Images for object localization:

((

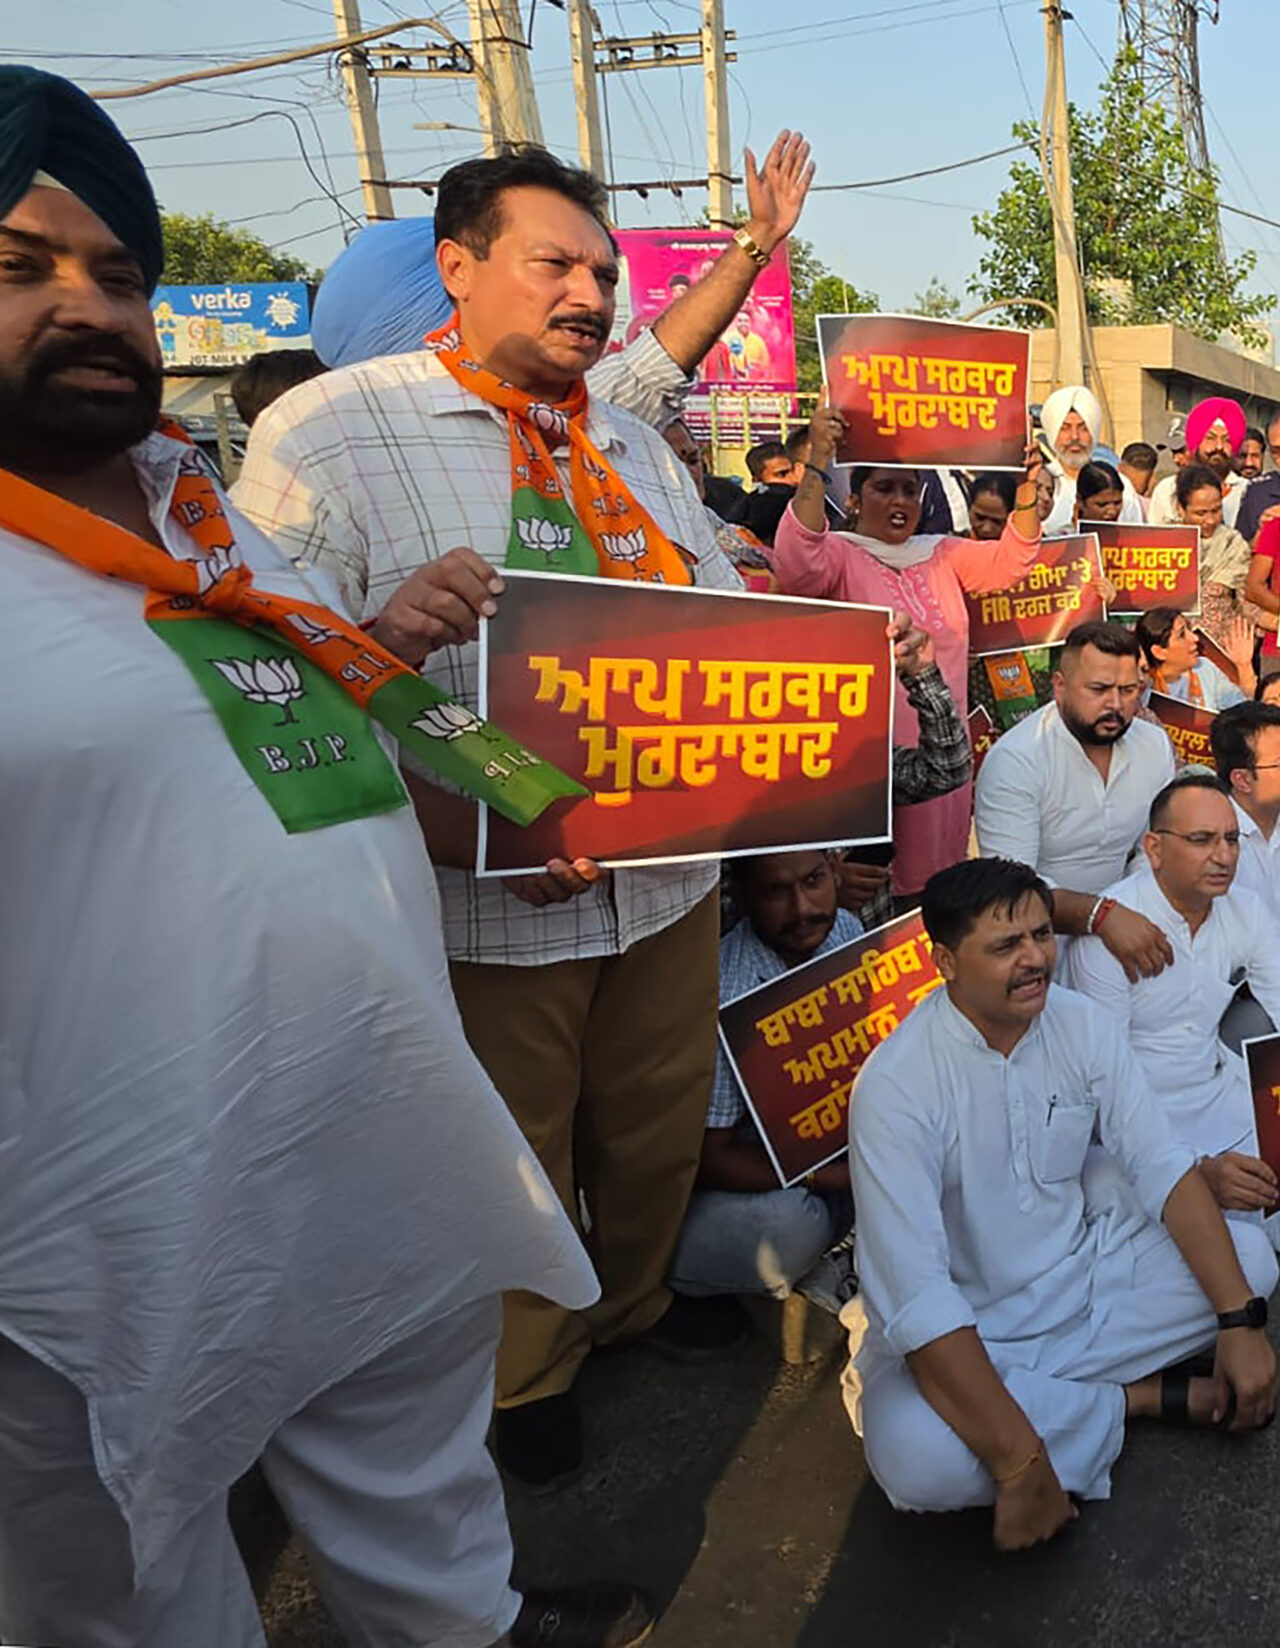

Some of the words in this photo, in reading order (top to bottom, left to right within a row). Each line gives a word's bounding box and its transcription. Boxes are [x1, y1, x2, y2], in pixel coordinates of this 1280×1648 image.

[191, 288, 252, 310] verka
[841, 354, 919, 391] ਆਪ
[922, 357, 1018, 396] ਸਰਕਾਰ
[868, 392, 998, 435] ਮੁਰਦਾਬਾਦ
[1029, 563, 1068, 590] ਚੀਮਾ
[1131, 547, 1192, 569] ਸਰਕਾਰ
[1106, 569, 1179, 590] ਰਦਾਬਾਦ
[981, 598, 1011, 624] FIR
[1013, 595, 1050, 619] ਦਰਜ
[1054, 584, 1082, 611] ਕਰੋ
[528, 656, 692, 721] ਆਪ
[698, 660, 875, 719] ਸਰਕਾਰ
[258, 733, 356, 776] B.J.P.
[578, 722, 839, 807] ਮੁਰਦਾਬਾਦ
[756, 986, 829, 1047] ਬਾਬਾ
[830, 940, 923, 1006] ਸਾਹਿਬ

))

Could you retype every record exactly, leaving the pictures out?

* _Result of this exercise_:
Some of the words in this photo, in reading order (top to bottom, left to right within a row). Each line gives a word's bounding box and its transcription. Boxes are [x1, y1, x2, y2], in pixel coordinates of this 1280×1648 image.

[191, 288, 252, 310] verka
[841, 354, 919, 391] ਆਪ
[922, 357, 1018, 396] ਸਰਕਾਰ
[868, 392, 998, 435] ਮੁਰਦਾਬਾਦ
[1029, 563, 1068, 590] ਚੀਮਾ
[1131, 547, 1192, 569] ਸਰਕਾਰ
[1106, 569, 1179, 590] ਰਦਾਬਾਦ
[981, 598, 1011, 624] FIR
[1013, 595, 1050, 619] ਦਰਜ
[1054, 584, 1082, 611] ਕਰੋ
[528, 656, 692, 721] ਆਪ
[698, 660, 875, 719] ਸਰਕਾਰ
[258, 733, 356, 776] B.J.P.
[578, 722, 839, 807] ਮੁਰਦਾਬਾਦ
[756, 986, 829, 1047] ਬਾਬਾ
[830, 940, 923, 1006] ਸਾਹਿਬ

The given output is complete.